*** Begin section ***
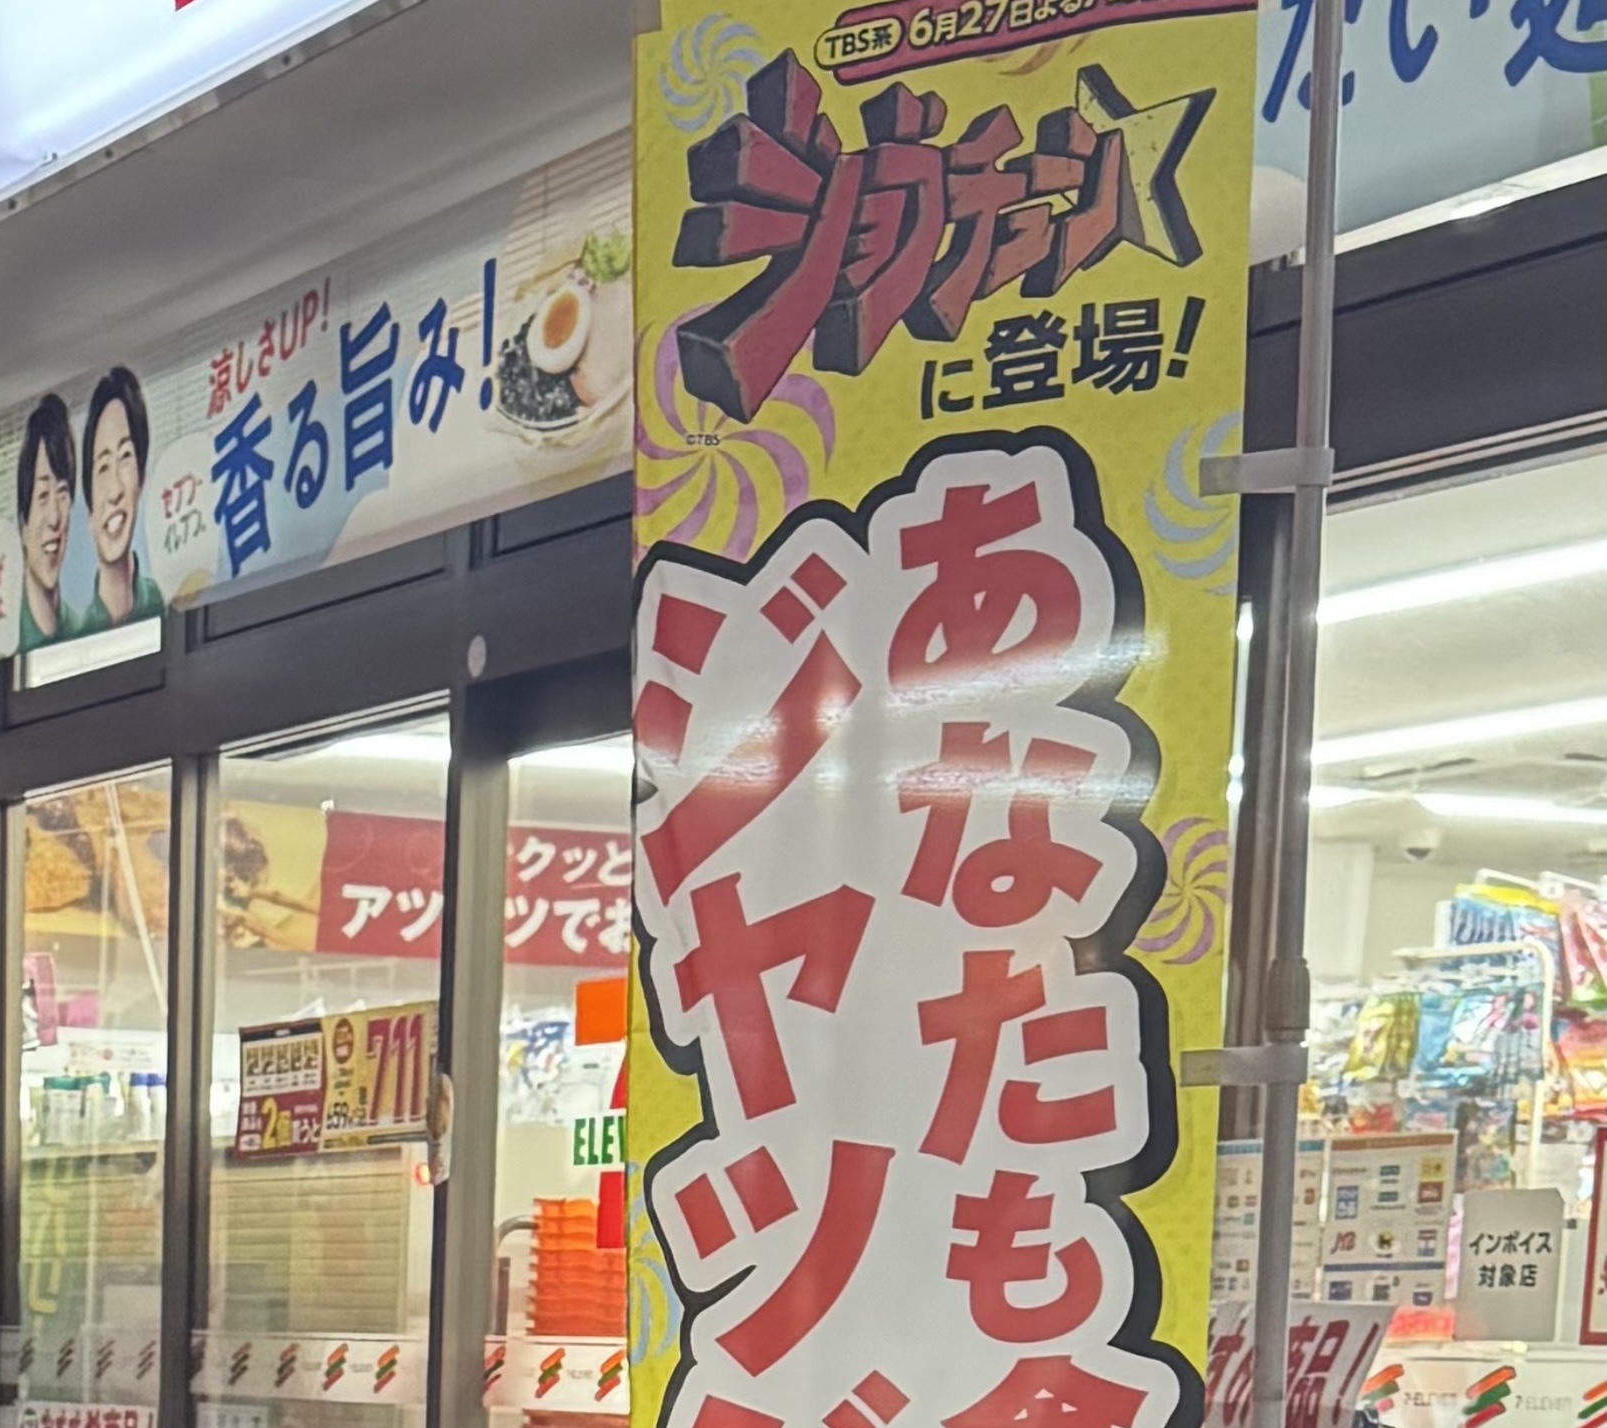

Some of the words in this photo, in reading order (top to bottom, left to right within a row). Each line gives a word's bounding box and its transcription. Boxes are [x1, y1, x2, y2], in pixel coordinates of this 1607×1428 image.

[824, 26, 895, 58] TBS系
[908, 0, 1094, 46] 6月27日よる
[207, 277, 331, 418] 涼しさUP!
[921, 298, 1205, 419] に登場!
[210, 257, 497, 578] 香る旨み!
[506, 835, 632, 886] クッと
[341, 883, 632, 955] アツツでお
[1478, 1264, 1538, 1288] 対象店
*** End section ***
## YOUR ASSIGNMENT
If a record holds a picture, leave the picture out and print everything else exactly.

## TASK SOLUTION
Some of the words in this photo, in reading order (top to bottom, left to right within a row). Each line gives a word's bounding box and its transcription. Boxes are [x1, y1, x2, y2], in pixel coordinates of this 1607×1428 image.

[824, 26, 895, 58] TBS系
[908, 0, 1094, 46] 6月27日よる
[207, 277, 331, 418] 涼しさUP!
[921, 298, 1205, 419] に登場!
[210, 257, 497, 578] 香る旨み!
[506, 835, 632, 886] クッと
[341, 883, 632, 955] アツツでお
[1478, 1264, 1538, 1288] 対象店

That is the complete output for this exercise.